Ed Eiler was superintendents of the Lafayette, Indiana, schools. In this article, he explains how corporatist Republicans have tried to turn education into a commodity instead of a common good that belongs to all.


He writes:


“There may be times when we are powerless to prevent injustice, but there must never be a time when we fail to protest.”


– Elie Wiesel


Three recent newsworthy items deserve our attention. The first is a study in the American Educational Research Journal, which concluded rising income inequality in the U.S. is a primary cause of the growing economic segregation of schools. As the gap grows, affluent families are more likely to segregate themselves into enclaves where there are few poor children in the public schools.
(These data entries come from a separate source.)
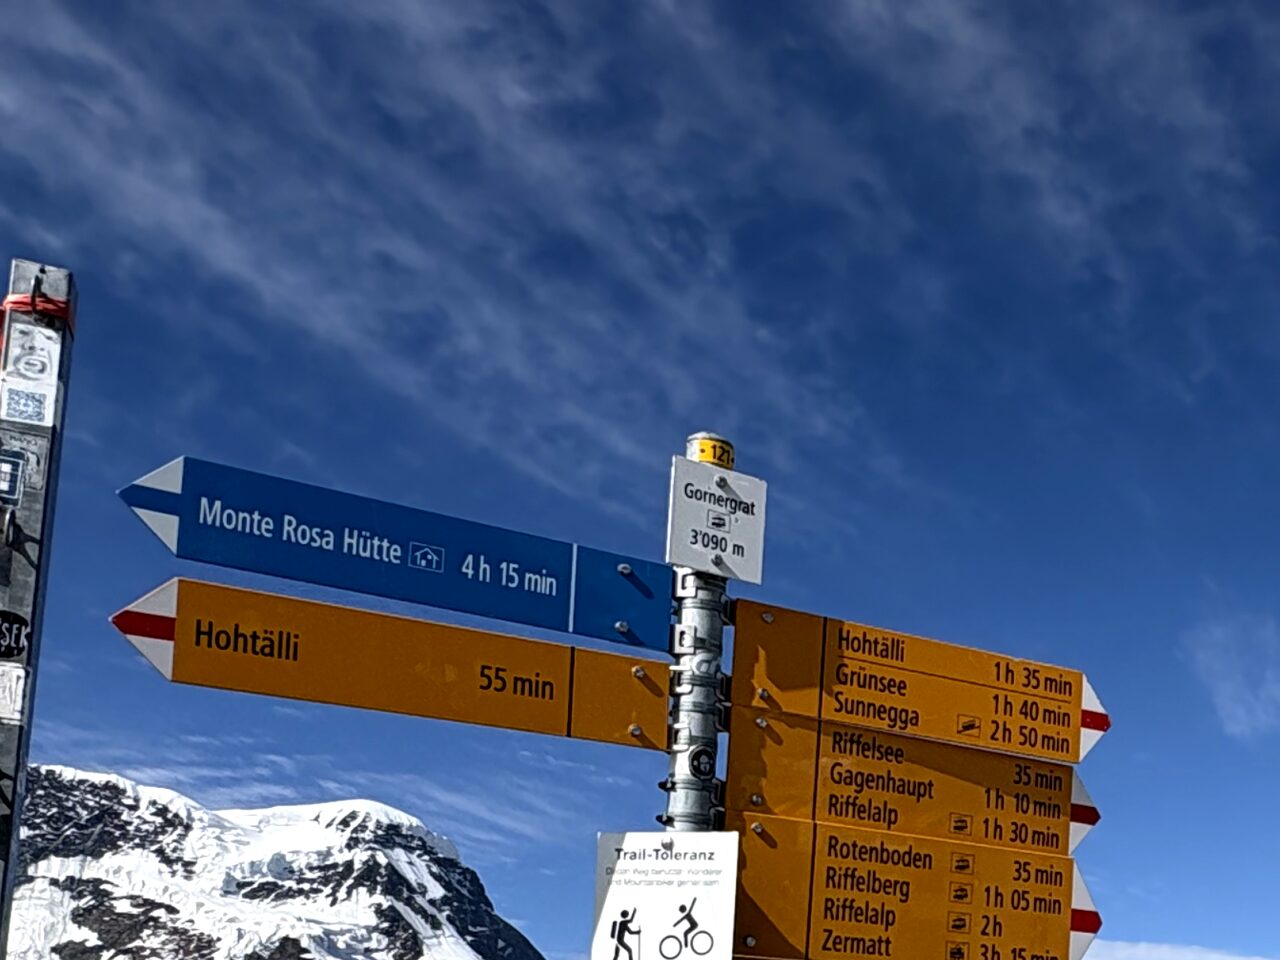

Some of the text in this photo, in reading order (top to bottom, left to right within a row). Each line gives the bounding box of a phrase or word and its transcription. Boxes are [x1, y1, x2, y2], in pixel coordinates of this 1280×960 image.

[684, 482, 756, 516] Gornergrat
[199, 497, 557, 596] Monte Rosa Hütte 4 h 15 min
[690, 529, 745, 557] 3'090 m
[195, 618, 554, 700] Hohtälli 55 min
[838, 627, 1072, 697] Hohtälli 1 h 35 min
[834, 691, 1069, 754] Sunnegga 2 h 50 min
[835, 663, 1071, 728] Grünsee 1 h 40 min
[832, 731, 1062, 792] Riffelsee 35 min
[830, 762, 1061, 819] Gagenhaupt 1 h 10 min
[828, 794, 1060, 849] Riffelalp 1 h 30 min
[614, 847, 716, 861] Trail-Toleranz
[827, 835, 1063, 887] Rotenboden 35 min
[824, 897, 1003, 937] Riffelalp 2 h
[825, 866, 1061, 915] Riffelberg 1 h 05 min
[821, 928, 892, 957] Zermatt
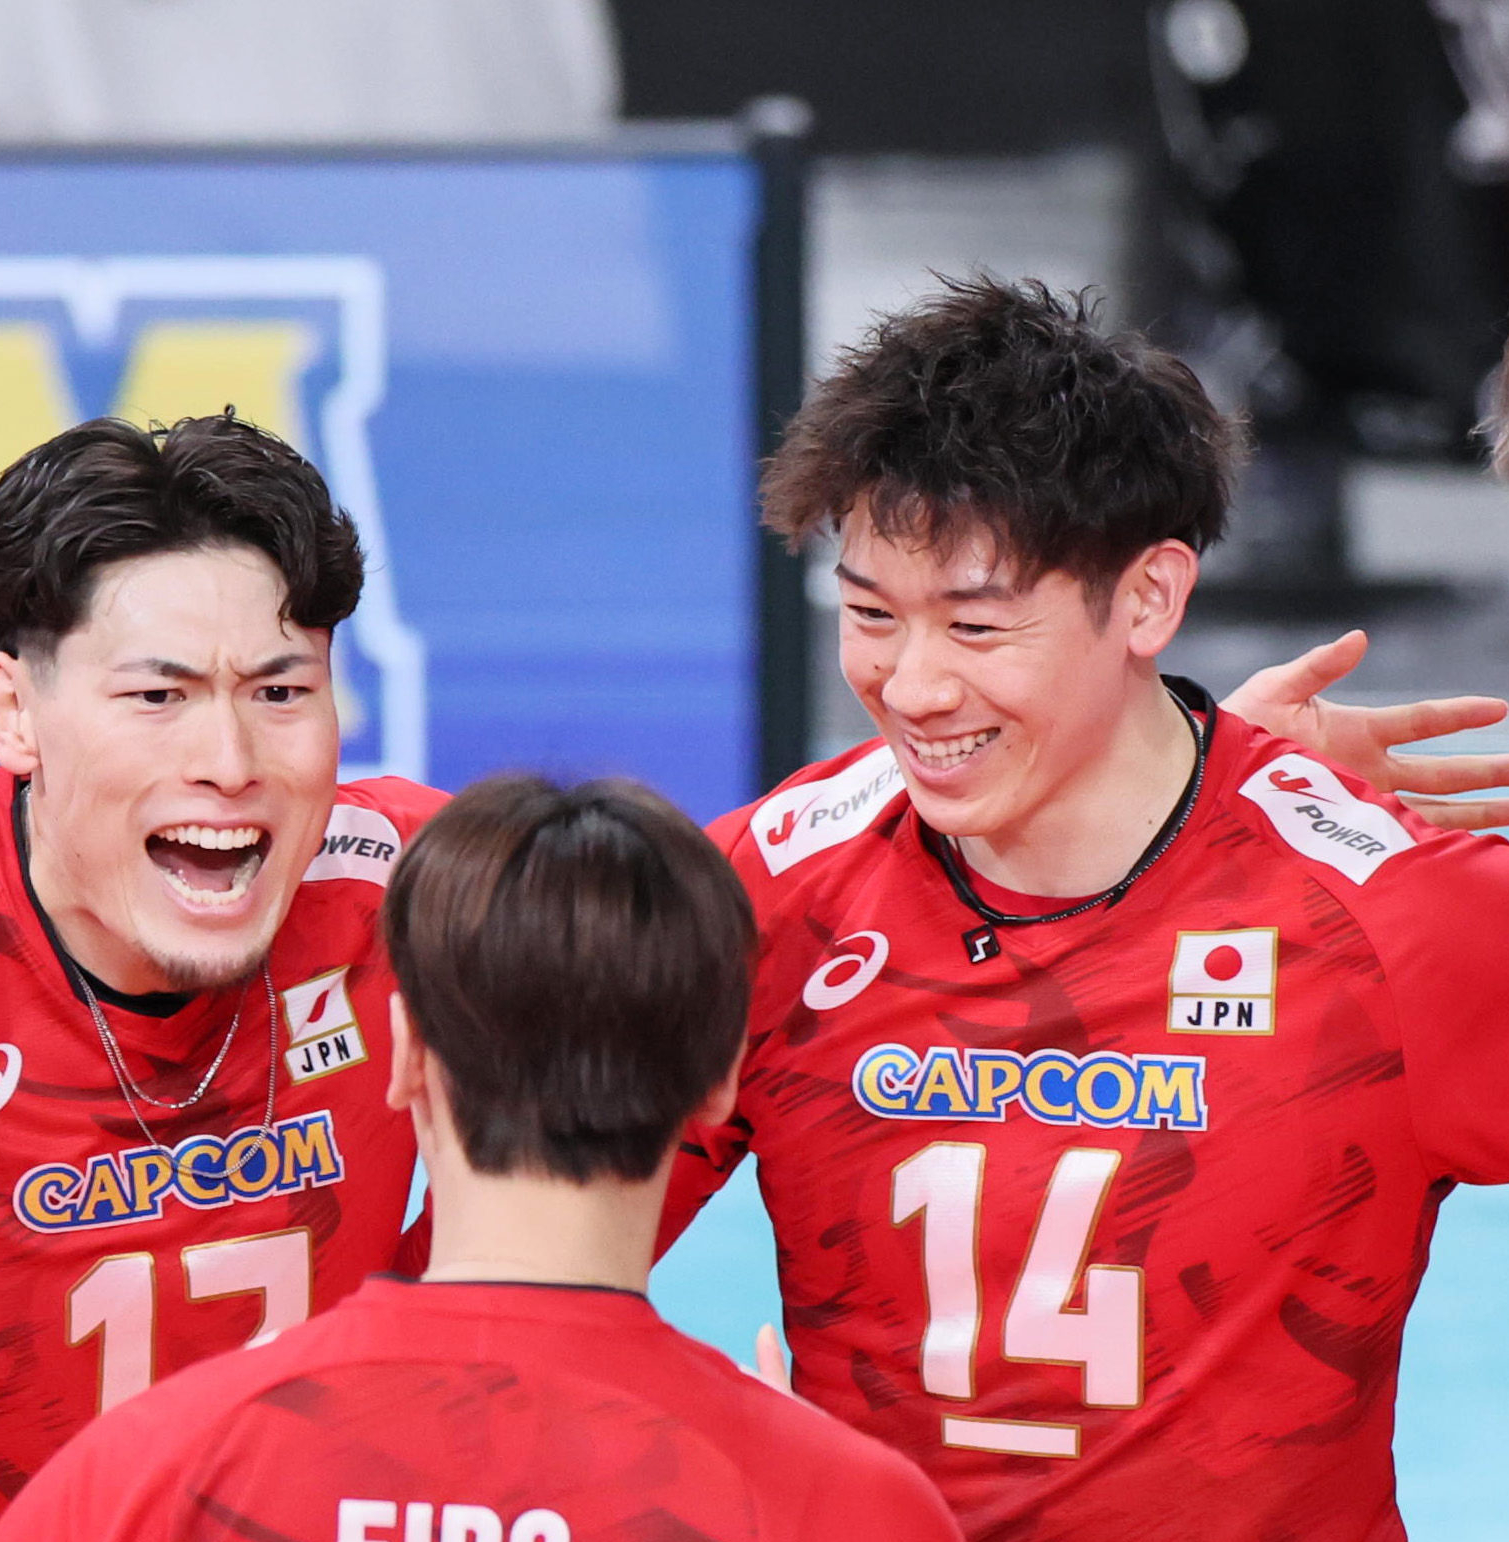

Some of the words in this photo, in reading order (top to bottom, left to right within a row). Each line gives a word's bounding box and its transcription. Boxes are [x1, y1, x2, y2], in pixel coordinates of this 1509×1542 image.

[315, 834, 396, 862] WER
[1294, 804, 1388, 857] POWER
[1186, 1000, 1254, 1028] JPN
[299, 1034, 352, 1075] JPN
[855, 1046, 1206, 1129] CAPCOM
[16, 1112, 344, 1230] CAPCOM
[891, 1141, 1145, 1410] 14
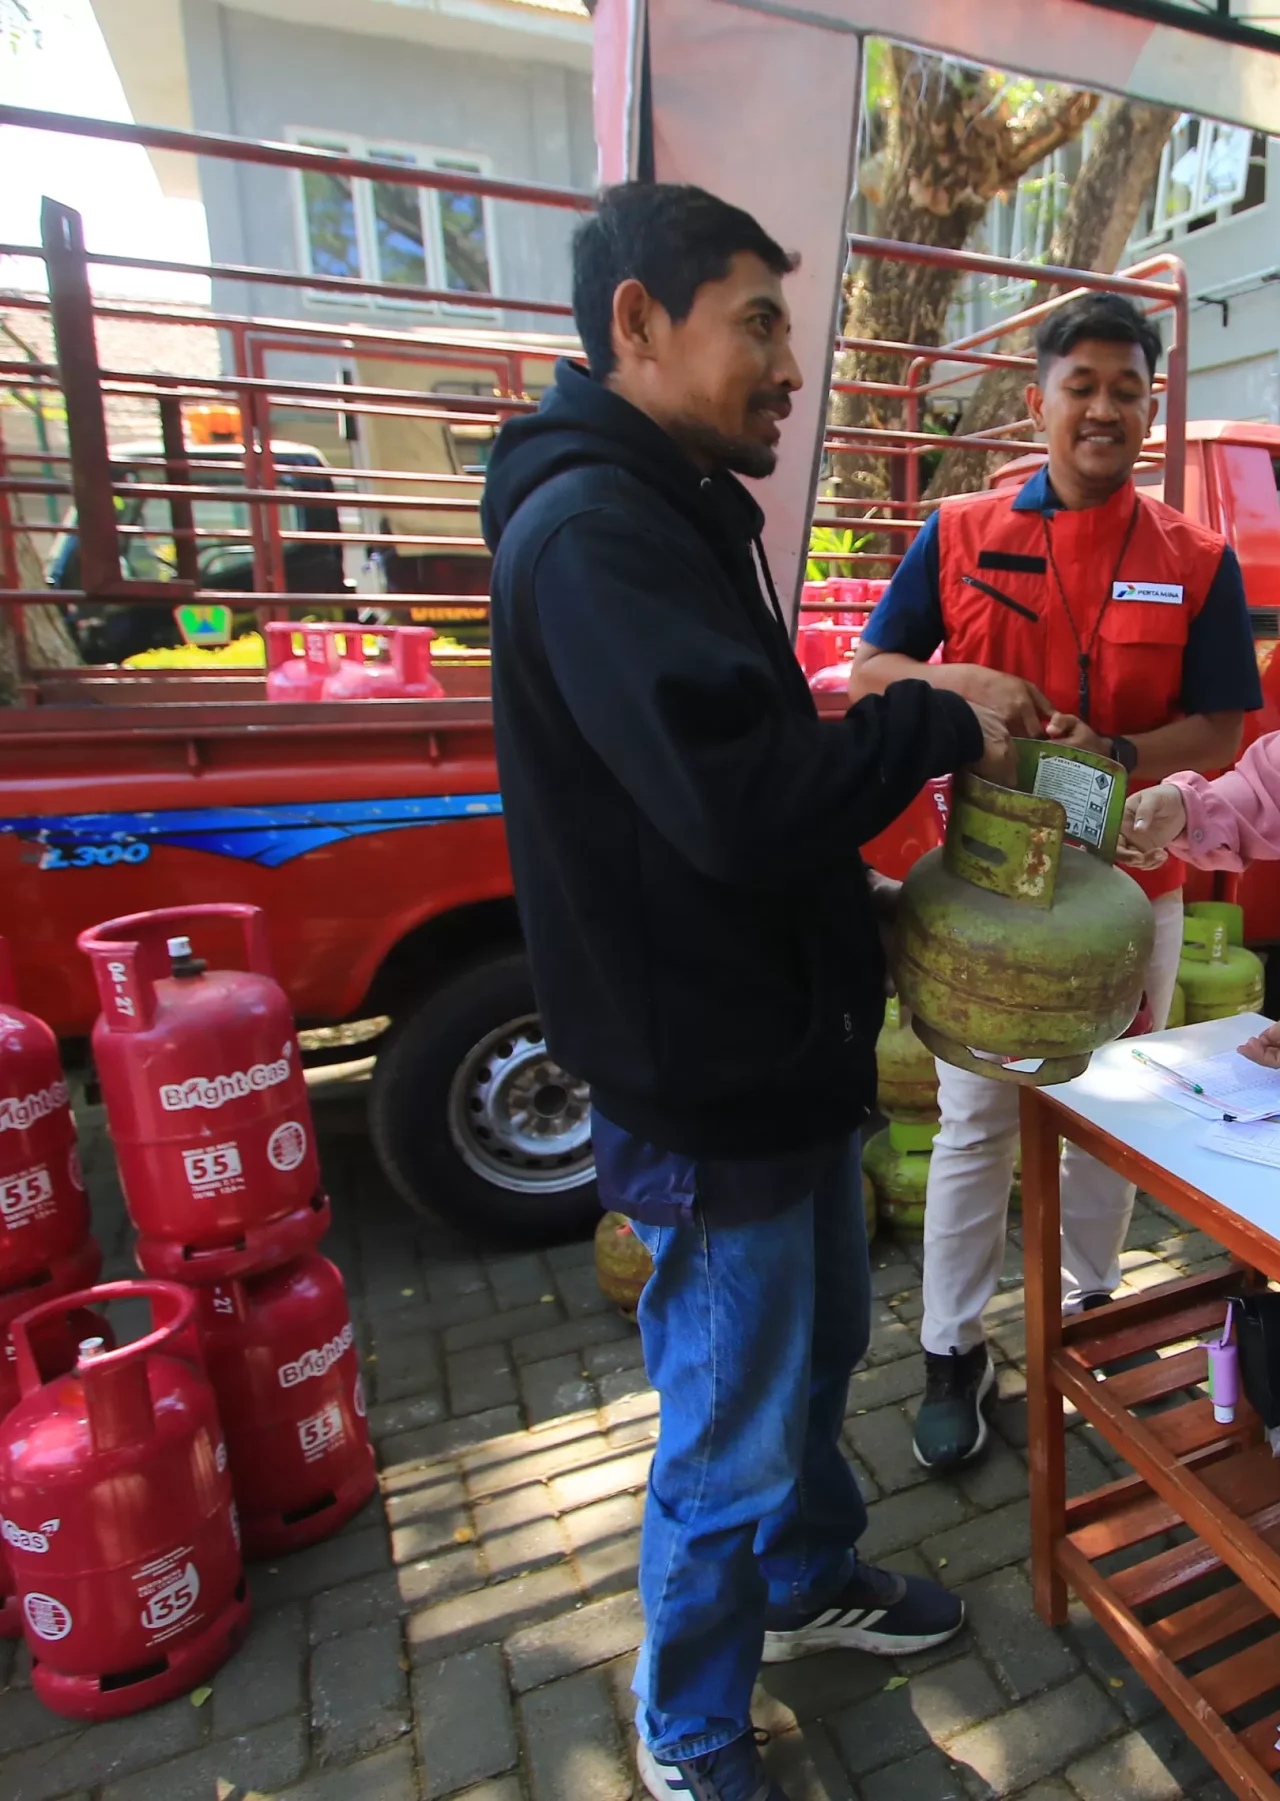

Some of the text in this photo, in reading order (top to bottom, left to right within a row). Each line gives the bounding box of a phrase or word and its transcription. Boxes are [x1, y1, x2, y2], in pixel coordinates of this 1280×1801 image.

The second is a report issued by the Indiana Department of Education that calculated the net increased cost for the state’s education voucher program to be $53.2 million. Some 52 percent of voucher students now have no record of attending a public school.


The final report is one completed by the National Conference of State Legislatures addressing educational reform. The report acknowledges there are no silver bullets and the present efforts at reform have failed. The report recognizes the importance of having all stakeholders be a part of the process of improving our schools.


Why does any of this matter? All of these reports can be tied to the effort to privatize education.


So, vouchers are not being used to help “poor students escape from failing public schools,” since most kids who use vouchers never attended a public school. They are simply an effort to privatize what belongs to the public.


Eiler writes:


The American public school system has been where students of different economic classes, religious backgrounds and ethnic communities come together to develop a sense of community and a commitment to the common good.


Because of income inequality, we are increasingly leading separate lives. Sandell asserts, “Democracy doesn’t demand absolute equality, but does require people to share a common life.”


[Michael] Sandell concludes that ultimately this is “… not an economic question. The question is how do we want to live together? Do we want a society where everything is up for sale or are there certain moral and civic goods that markets do not honor and money cannot buy?”


That is why all of this matters, why we should oppose privatizing our schools and why we should elect people who support our public schools. I may be powerless to prevent it, but the privatization of education is an injustice, and I must protest.